- Born: March 10, 1984 (age 42)
- Other names: Aussie
- Nationality: Dutch Moroccan
- Height: 1.92 m (6 ft 3+1⁄2 in)
- Weight: 76 kg (168 lb; 12.0 st)
- Division: Welterweight Middleweight Catchweight Light Heavyweight
- Style: Muay Thai
- Fighting out of: Morocco
- Team: Top Team Beverwijk
- Trainer: Hans Nijman, M. Ben Ali.

Kickboxing record
- Total: 69
- Wins: 64
- By knockout: 30
- Losses: 5

= L'houcine Ouzgni =

L'houcine "Aussie" Ouzgni (born 10 March 1983) is a Dutch-Moroccan former Light Heavyweight/Middleweight Muay Thai kickboxer. Aussie was known as a firm fan favorite in the Netherlands due to his exciting style and knockout power, likened to a smaller version of fellow Dutch-Moroccan fighter Badr Hari. He is a three time Dutch national Muay Thai champion and a It's Showtime world champion.

==Biography/Career==
Aussie began his career fighting on the local circuit in the Netherlands at C-Klass and B-Klass level, winning almost all his fights. He won his first title in 2005, winning a B-Klass eight-man tournament at a gala in Purmerend to honor the recently deceased Moroccan-Dutch boxer Nordin Ben-Salah who was shot dead in Amsterdam. Aussie stopped his first two opponents before defeating Peter Mes in the final via decision. He also headed to Morocco where he took part in the W.A.K.O. world championships, receiving a bronze medal in the Thai-Boxing middleweight division. In 2006 Aussie made his debut with the It's Showtime organization against Junior Gonsalves, sharing the spoils in a five-round decision draw at the event in Alkmaar. He returned to the organization the following year to take part in a qualifying tournament for the It's Showtime's 75MAX Trophy, defeating Henry Akdeniz in the quarter-finals by decision but was unable to proceed due to an injury suffered during his victory.

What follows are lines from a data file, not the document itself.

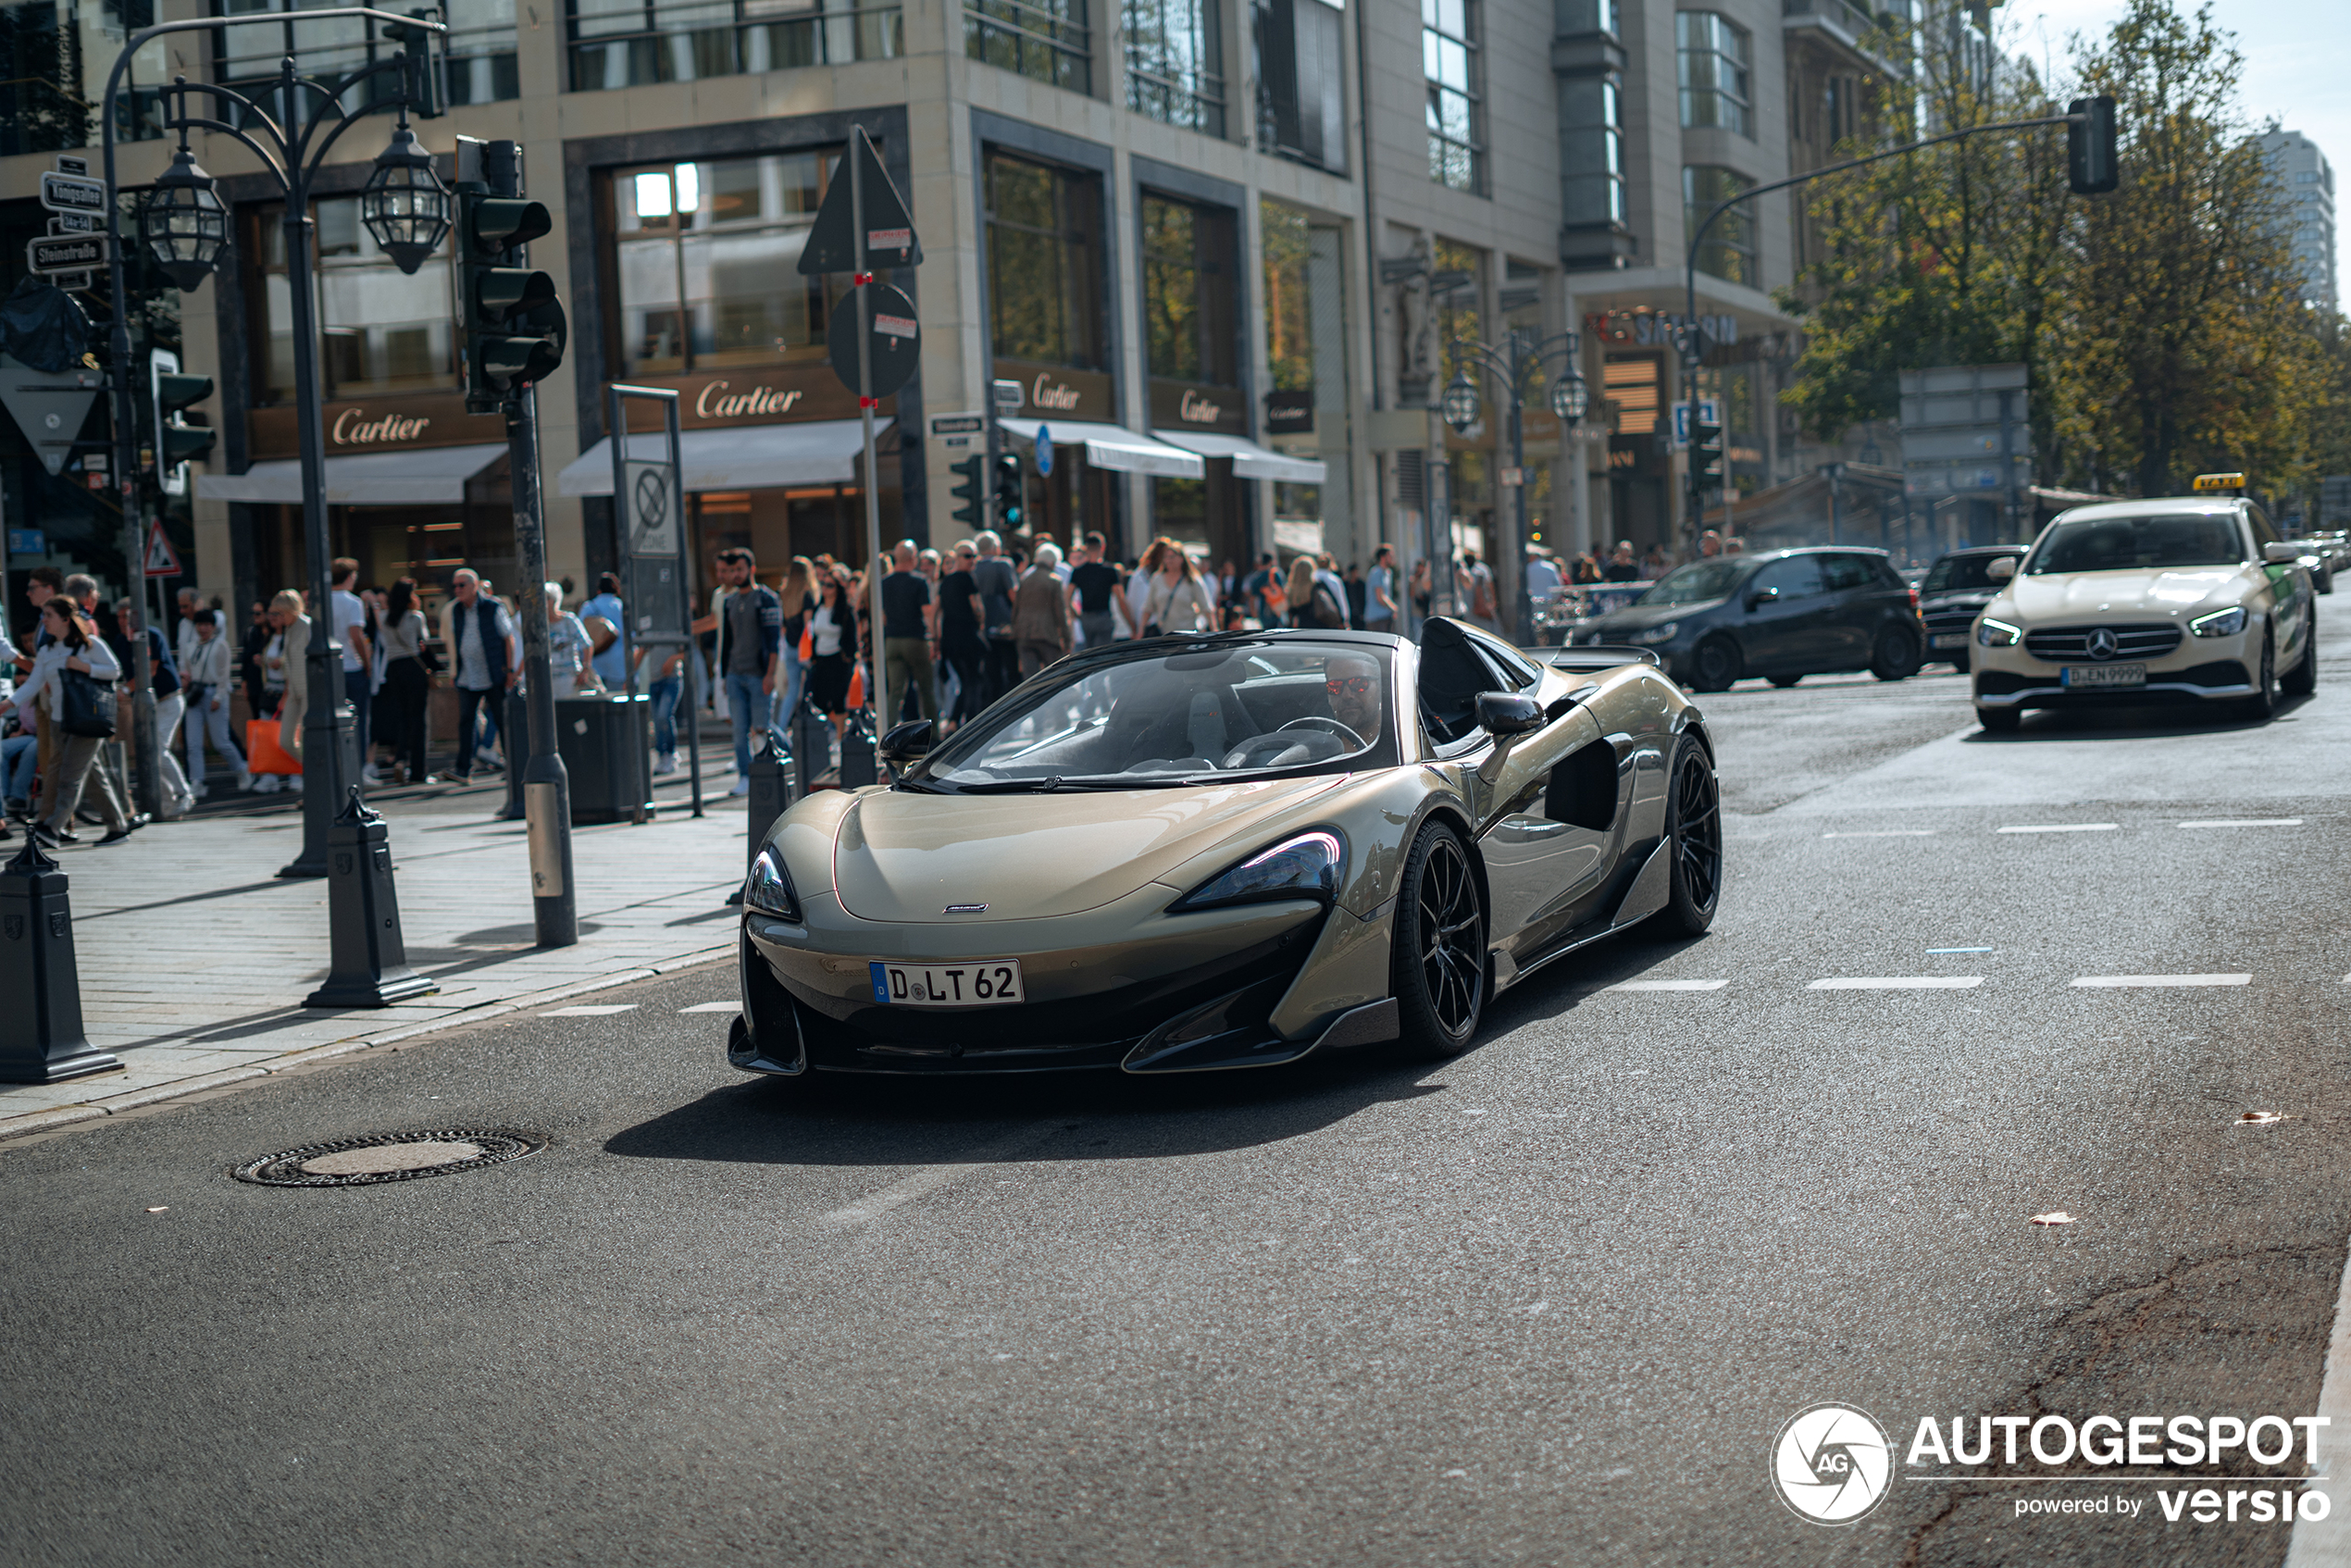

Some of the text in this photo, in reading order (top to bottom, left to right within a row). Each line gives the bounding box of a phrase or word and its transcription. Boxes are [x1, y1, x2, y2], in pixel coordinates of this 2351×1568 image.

[52, 182, 100, 204] Königsallee
[38, 243, 96, 262] Steinstraße
[696, 380, 802, 418] Cartier
[1032, 371, 1081, 410] Cartier
[1180, 388, 1221, 423] Cartier
[1269, 406, 1308, 420] Cartier
[332, 407, 430, 444] Cartier
[2200, 478, 2237, 487] TAXI
[2088, 668, 2106, 681] EN
[2108, 667, 2143, 680] 9999
[889, 967, 1015, 1001] D LT 62

In 2008 Aussie won his first major honor (at A-Klass level) against Melvin van Leeuwarden picking up the I.R.O. Dutch title. He added another belt the following year, beating the seasoned Imro Main by technical knockout to add the U.M.C. Dutch title to his repertoire. With title wins making him noticed on the Dutch circuit, Aussie continued his progress beating good pros such as Amir Zeyada, Ali Gunyar and It's Showtime Reality winner Sem Braan. He then demolished in form Nieky Holzken in less than a minute to emerge as a major player on the It's Showtime circuit, earning himself a title shot for the organizations vacant 77MAX world title at the end of 2010.

At the Fightclub presents: It's Showtime 2010 he faced the highly decorated Russian Artem Levin, who had recently beat Yodsaenklai Fairtex to win gold at the 2010 World Combat Games. The title fight was a fairly even affair, with Aussie well in it until the fourth round, when a toe from an Artem kick injured Aussie his eye, leaving him unable to continue. In March 2011 Aussie met two-time K-1 MAX and three time S-Cup world champion Andy Souwer, dropping down in weight to fight at 70 kg. Perhaps drained from the weight cut, he was not his normal explosive self and was outclassed by Souwer who took a unanimous points decision victory.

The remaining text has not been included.